Problem to work on: Repeat the data word for word. Do not include the pictures.

Items from a data source
----

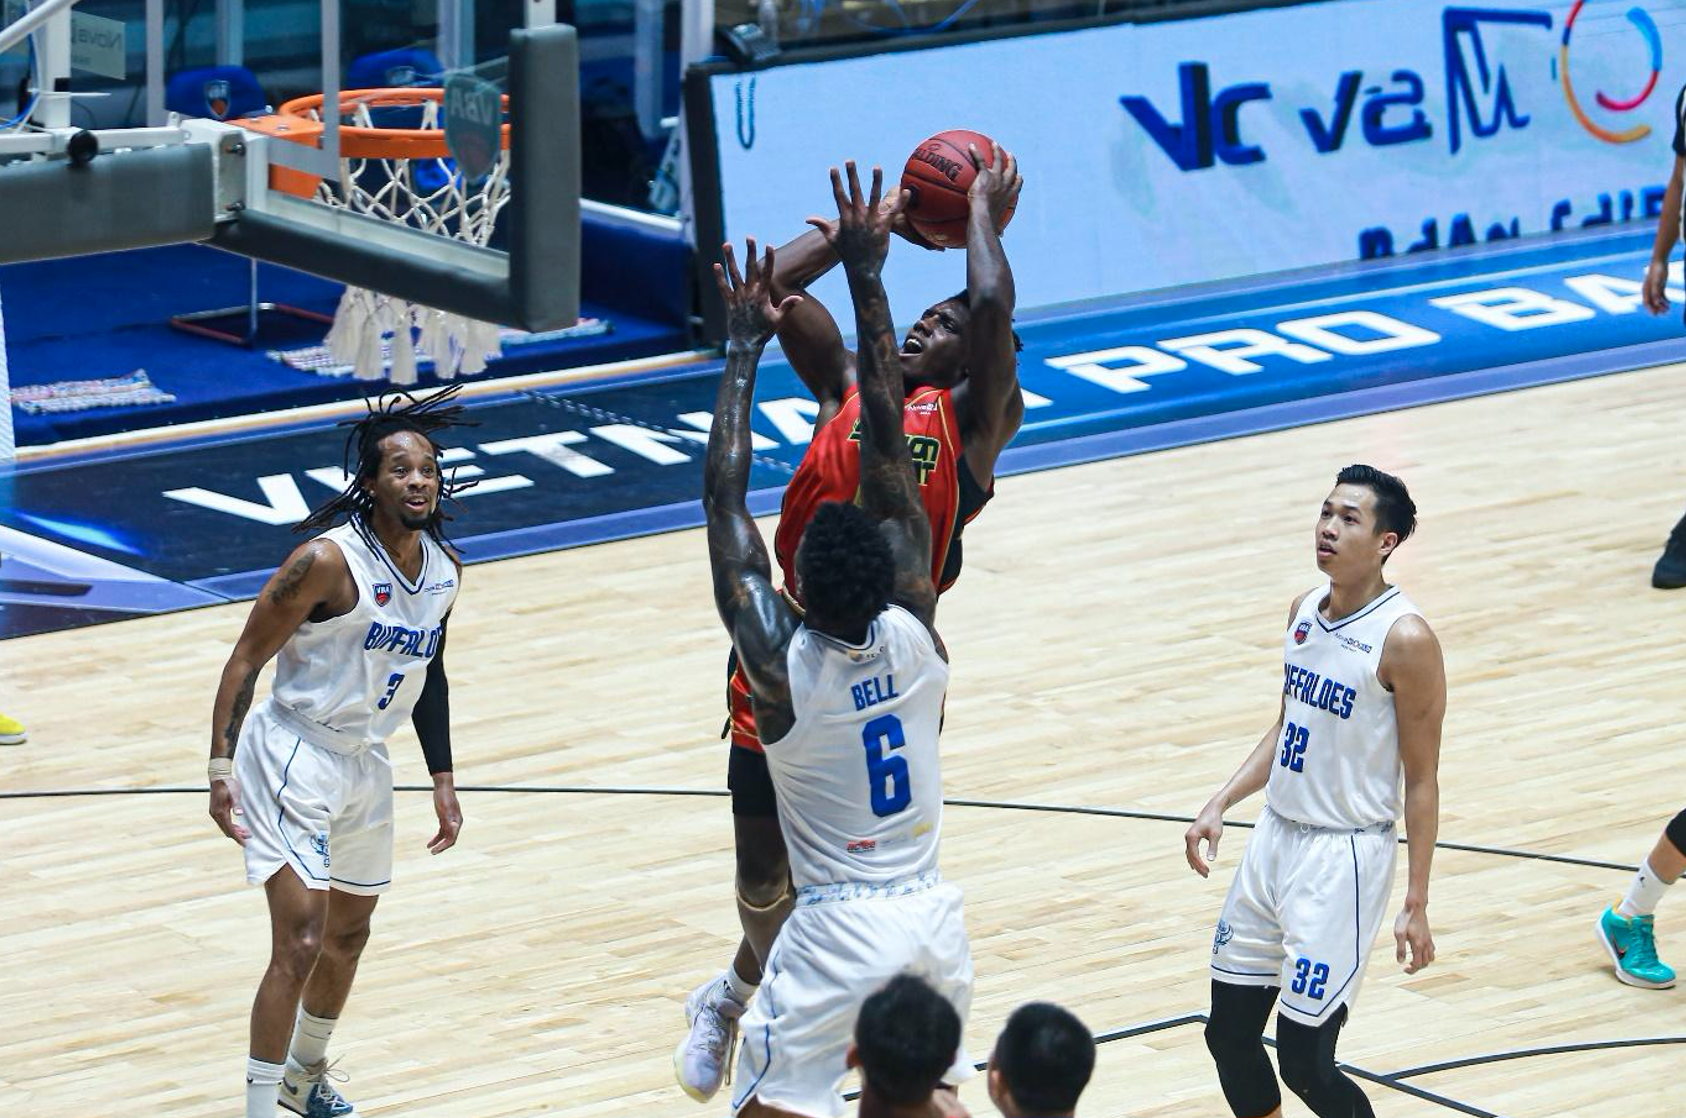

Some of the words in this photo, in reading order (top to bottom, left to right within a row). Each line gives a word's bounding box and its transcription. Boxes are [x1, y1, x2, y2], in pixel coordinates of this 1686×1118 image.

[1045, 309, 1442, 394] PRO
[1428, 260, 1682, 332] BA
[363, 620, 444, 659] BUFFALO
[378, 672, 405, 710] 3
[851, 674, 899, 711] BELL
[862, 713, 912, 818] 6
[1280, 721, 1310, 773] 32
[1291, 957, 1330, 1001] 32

----

Result of this exercise:
Some of the words in this photo, in reading order (top to bottom, left to right within a row). Each line gives a word's bounding box and its transcription. Boxes are [x1, y1, x2, y2], in pixel coordinates of this 1686×1118 image.

[1045, 309, 1442, 394] PRO
[1428, 260, 1682, 332] BA
[363, 620, 444, 659] BUFFALO
[378, 672, 405, 710] 3
[851, 674, 899, 711] BELL
[862, 713, 912, 818] 6
[1280, 721, 1310, 773] 32
[1291, 957, 1330, 1001] 32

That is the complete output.